What this task involves: Without the pictures, copy all the entries below exactly.

Material shown:
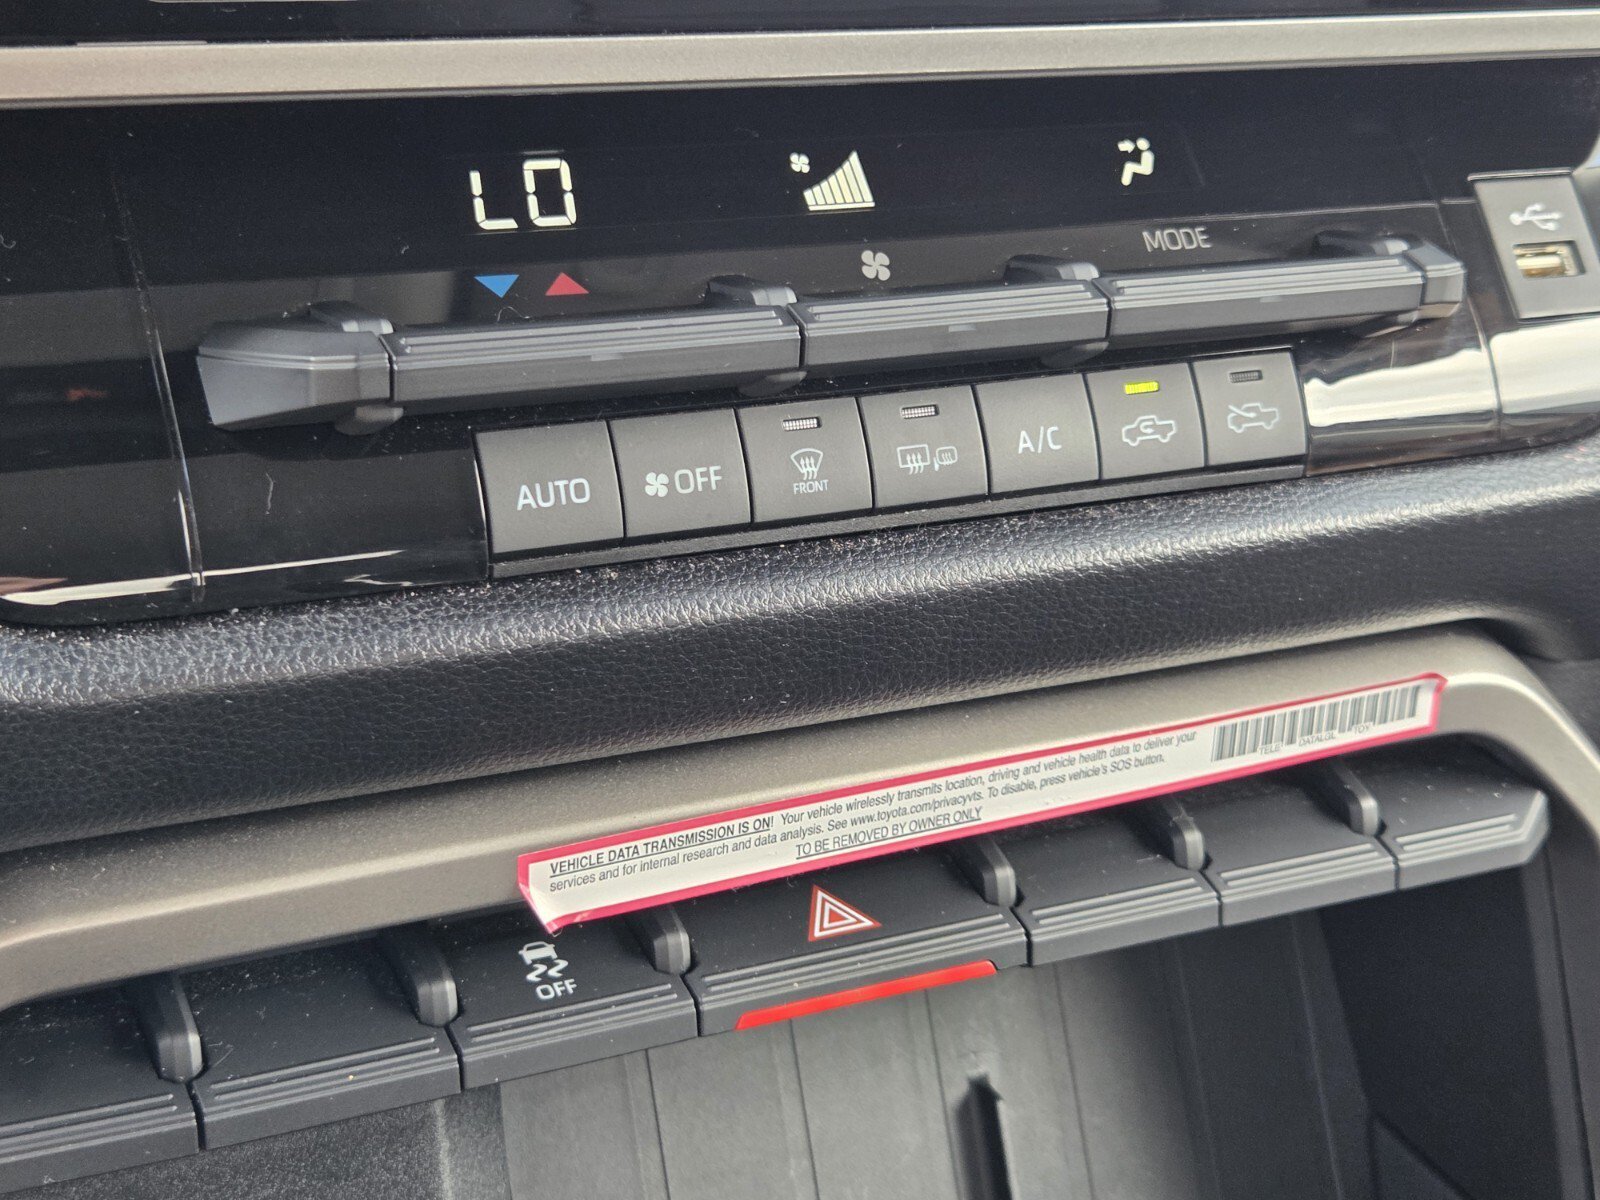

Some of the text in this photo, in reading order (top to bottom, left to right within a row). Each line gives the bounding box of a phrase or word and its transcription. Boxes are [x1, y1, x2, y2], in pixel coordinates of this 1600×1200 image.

[1142, 227, 1212, 252] MODE
[1018, 426, 1062, 454] A/C
[516, 477, 591, 511] AUTO
[674, 465, 722, 494] OFF
[793, 479, 829, 495] FRONT
[550, 731, 1197, 875] VEHICLE DATA TRANSMISSION IS ON! Your vehicle wirelessly transmits location, driving and vehicle health data to deliver your
[549, 753, 1165, 892] services and for internal research and data analysis. See www.toyota.com/privacyvts. To disable, press vehicle's SOS button.
[795, 805, 983, 857] TO BE REMOVED BY OWNER ONLY
[536, 978, 578, 1000] OFF

Task result:
Some of the text in this photo, in reading order (top to bottom, left to right within a row). Each line gives the bounding box of a phrase or word and its transcription. Boxes are [x1, y1, x2, y2], in pixel coordinates of this 1600×1200 image.

[1142, 227, 1212, 252] MODE
[1018, 426, 1062, 454] A/C
[516, 477, 591, 511] AUTO
[674, 465, 722, 494] OFF
[793, 479, 829, 495] FRONT
[550, 731, 1197, 875] VEHICLE DATA TRANSMISSION IS ON! Your vehicle wirelessly transmits location, driving and vehicle health data to deliver your
[549, 753, 1165, 892] services and for internal research and data analysis. See www.toyota.com/privacyvts. To disable, press vehicle's SOS button.
[795, 805, 983, 857] TO BE REMOVED BY OWNER ONLY
[536, 978, 578, 1000] OFF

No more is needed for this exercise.